Due to an awakening American awareness of apartheid in South Africa, Black Mambazo seemed to do good in addition to sound good. It was accepted by audiences as Bob Marley had been several years earlier — an unlikely breed of easy listening rebel music. The popularity of " Graceland,"however, was more effective in inspiring an agreement among music industry marketers to settle on a sellable genre: "world music" was born.

Like the "race" and "hillbilly" categories of America's early phonograph days, world music was a huge tent into which different genres from disparate locations could be
crammed.A dearth of knowledge — from the boardroom to the stockroom to the living room — of the massive dimensions of the world's music made a more nuanced denomination unfeasible. Albums of Zululand singers and groups such as Mahlathini and the Mahotella Queens began to appear in record shops across the country, filed with other "world"albums like "Le Mystère des Voix Bulgares," the surprisingly brisk-selling recordings of Bulgarian State Television's female vocal choir.

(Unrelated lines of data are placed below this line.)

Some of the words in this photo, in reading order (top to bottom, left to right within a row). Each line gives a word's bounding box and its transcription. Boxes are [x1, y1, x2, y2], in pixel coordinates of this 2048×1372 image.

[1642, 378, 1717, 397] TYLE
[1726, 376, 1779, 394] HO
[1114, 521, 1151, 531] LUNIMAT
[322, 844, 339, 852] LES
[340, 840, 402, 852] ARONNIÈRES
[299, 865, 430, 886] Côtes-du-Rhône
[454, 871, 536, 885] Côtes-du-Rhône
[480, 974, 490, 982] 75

Pop stars like Peter Gabriel — who in 1988 started his own international imprint, Real World (featuring Pakistan's hugely popular qawwali singer Nusrat Fateh Ali Khan) — used their visibility and influence to exploit the genre.

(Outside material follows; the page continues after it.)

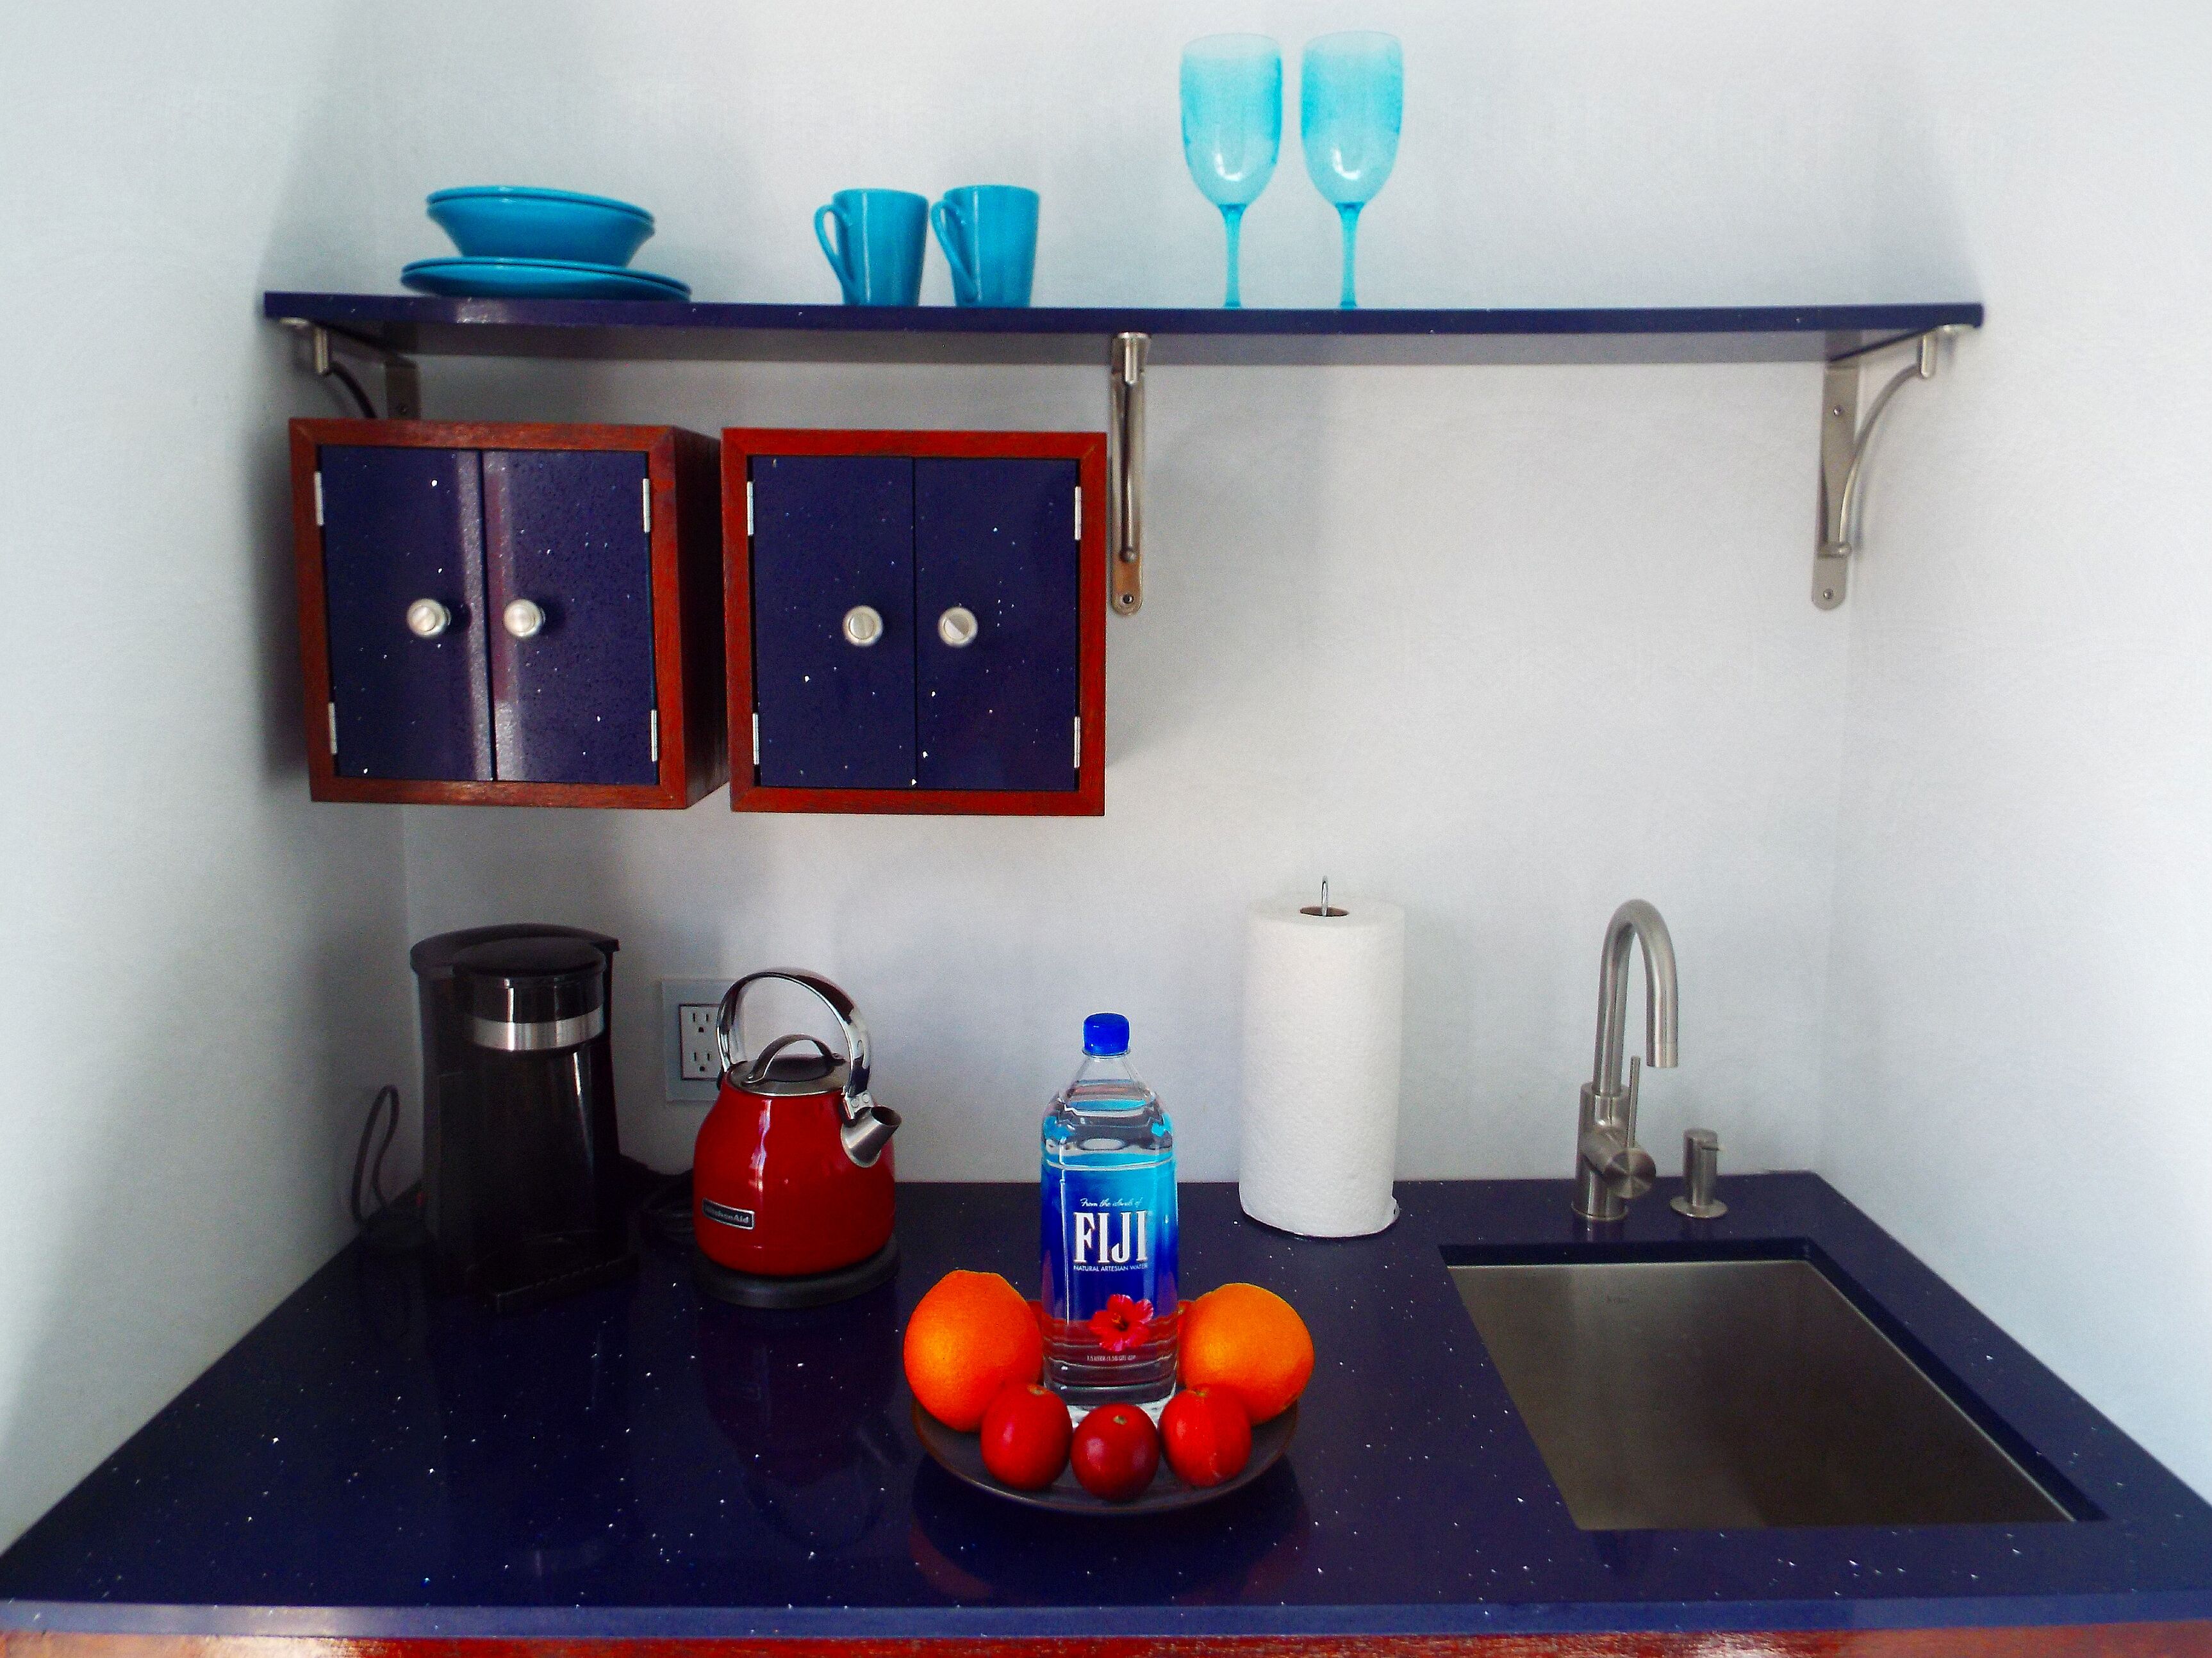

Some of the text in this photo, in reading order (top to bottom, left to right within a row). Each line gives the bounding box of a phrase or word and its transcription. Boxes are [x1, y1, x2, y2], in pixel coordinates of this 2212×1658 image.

While international pop and folk music had long been available, Western popular artists had seldom hitched them to their wagons in the mainstream marketplace (Robert Mitchum's calypso misadventures of the late 1950s notwithstanding). Doing so gave those artists a sort of world citizenship that was increasingly attractive and comforting to audiences. Sharing the cultural sensitivity and demographic of " Graceland," public radio and television began airing programs devoted to world music on record and in live concerts. NPR's Afropop (now Afropop Worldwide) was launched in 1988; Spike Lee's "Do It A Capella," a live concert in which American doo-woppers the Mint Juleps performed with Ladysmith Black Mambazo a version of "The Lion Sleeps Tonight"(a song with an epic world-music history all its own), aired on PBS in 1990.

But like many foreign imports — yoga especially comes to mind — world music has been changed by or, some would argue, for American acceptance. Marketed for their exotic qualities, world albums have nevertheless subsisted predominantly as best-ofs and introductions-to, tending to leave off more complex and less Westernized artists, performances, and genres.
I think one ray of hope for a deeper representation of African music in the US is the expansion of internet-marketed music through download sites such as iTunes as well as subscription services like Rhapsody and others. Internet distribution has been widely recognized as encouraging niche markets, and allowing recordings that would previously have received little promotion to find targeted audiences—big record company promotion not necessarily required.

1 comment:

  1. Simon could feel what was going on well enough to ride the wave,But there's nothing causal about Graceland.There was a strong well established grass roots movement on the W.Coast and in some places on the East Coast Every W.Coast city had bands playing african music,people teaching African dance etc. It was a movement whose time had come.What Paul Simon did was make the mainstream industry aware of what was happening at that grass roots level. (As soon as that stuff hit ,my band which had bee playing audiences of 500-1000 suddenly had NY managers and record offers swarming like flies) Graceland was really great for African musicians who could now get distribution and promo in the US. It's not like they didn't already have audience. Lot's of African musicians were coming here already. It's just that so many folks are so addicted to TV and top 40 radio that they don't know anything else exists.So when a group or style gets exposure on that level people talk as if it were brand new ,and just appeared out of nowhere.Quite a childish state of consciousness, and when journalists who should know better perpetuate such foolishness ,it's a shame.Part of the reason African Music has such impact is because it is immediate,people feel their bodies being alive in real space and time.